State lawmakers on Monday took another step to ban the possession and sale of a synthetic stimulant known as bath salts, in addition to other so-called designer drugs, synthetic marijuana and a hallucinogen called 2-Ce. The proposed legislation calls for fines of up to $15,000 and jail time for violators.
The state House of Representatives unanimously approved the legislation, Senate Bill 1006. The proposed bill now heads back to the Senate for final approval, then to Gov. Tom Corbett, who is expected to sign it into law.
The bill was proposed by Sen. Elder Vogel, a Republican whose legislative district includes Allegheny, Beaver and Lawrence counties.
Locally, state Sen. David G. Argall, who co-sponsored Vogel's bill, said he is happy with the bill's progress.
"I'm thankful to see Senator Vogel's legislation to ban bath salts pass in the House," he said. "In the midst of a difficult budget year, I think we have all seen enough devastating headlines to make banning this synthetic drug a priority. With many families across our region and state affected by this drug, I am hopeful that this legislation will prevent future tragedies from occurring."
Rep. Ron Marsico (R-Lower Paxton), majority chairman of the House Judiciary Committee, said that "people who have witnessed the effects of these substances have been begging us to immediately address this growing problem.
"This legislation would do just that," said Marsico. "Those who prey on our residents would no longer be able to do so without serious repercussions. Their first offense for possession with the intent to deliver or delivery would result in five years in prison and a $15,000 fine. Simple possession of these substances would be a misdemeanor and give them a $5,000 fine and a maximum of one year in prison. On second and subsequent violations, the maximum fine and penalty doubles. As you can see, those who have no regard for the well-being of others will finally be held accountable with the enactment of this legislation."
Increasing numbers of violent and bizarre behavior have been attributed to the drug, which contain 3,4-Methylenedioxypyrovalerone, or MDPV, and mephedrone, chemicals that mimic the effect of illegal stimulants such as methamphetamine and cocaine.
On March 24, John Eremus, 46, of Nesquehoning, held police at bay for two hours with a high-powered rifle after ingesting bath salts. Earlier that month, another bath salts user, Ryan Foley, 25, of West Scranton, allegedly broke into a monastery and stabbed a priest in the hand and the face after using the drug. In February, Seth Thomas Sanders, 31, of Elizabethtown, in a bath salts fueled state of paranoia, believed his car was melting and that electricity was chasing him. He allegedly broke into an East Hanover Township home and damaged a marked state police cruiser in his terror.
Emergency room staff have had to cope with paranoid, violent and hallucinating patients admitted after using bath salts. The drug can cause rapid heart rates, surging blood pressure and hallucinations. Packaged in small containers labeled with languid, dreamy names like "Tranquillity," Blue Silk" and Ivory Wave," these bath salts have nothing to do with the skin-softening powders meant to be poured into one's bath water.
Instead, the drugs are marketed as bath salts by their makers in order to skirt drug laws.
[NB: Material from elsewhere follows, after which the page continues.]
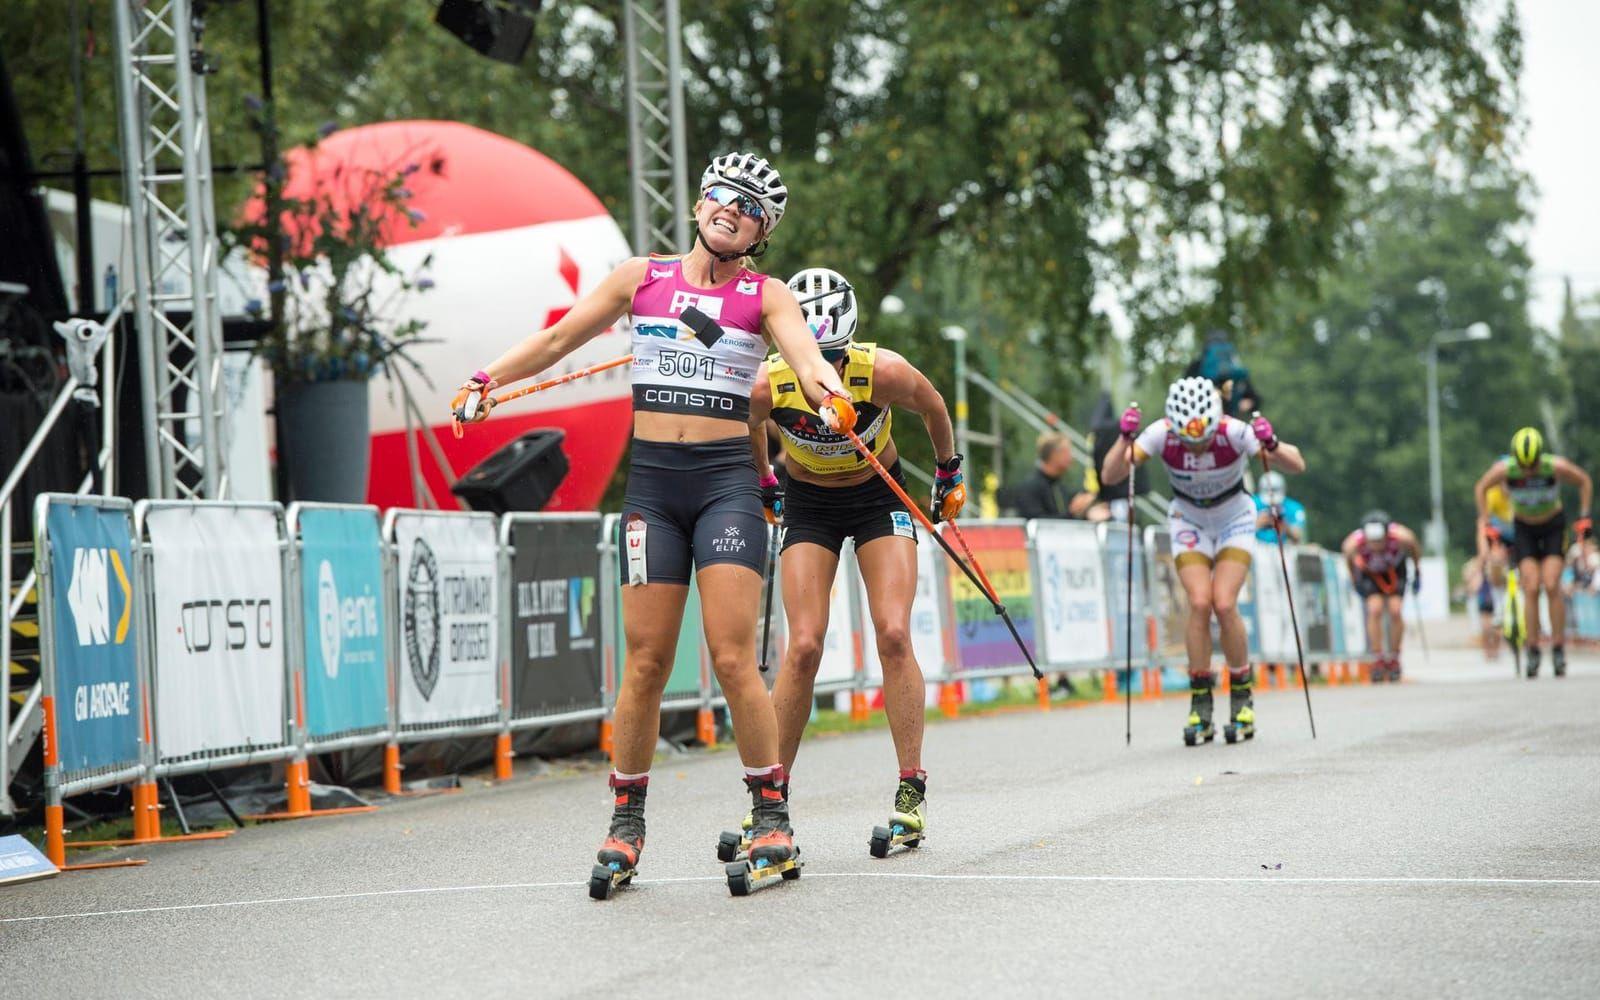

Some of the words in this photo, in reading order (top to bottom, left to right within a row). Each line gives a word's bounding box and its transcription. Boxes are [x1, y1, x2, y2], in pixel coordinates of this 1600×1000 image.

[658, 351, 716, 381] 501
[645, 389, 734, 411] CONSTO
[716, 545, 742, 553] ELIT
They are commonly sold in tattoo parlors, truck stops, "head shops" and gas stations.
Although the synthetic drugs are currently legal, some local governments, including Schuylkill County, have moved to ban them. On May 28, the county made it illegal to sell or distribute bath salts. Pottsville city council on Monday took that move a step further, and banned the manufacture or sale of bath salts, imposing penalties that could include a $1,000 fine or 30 days in jail.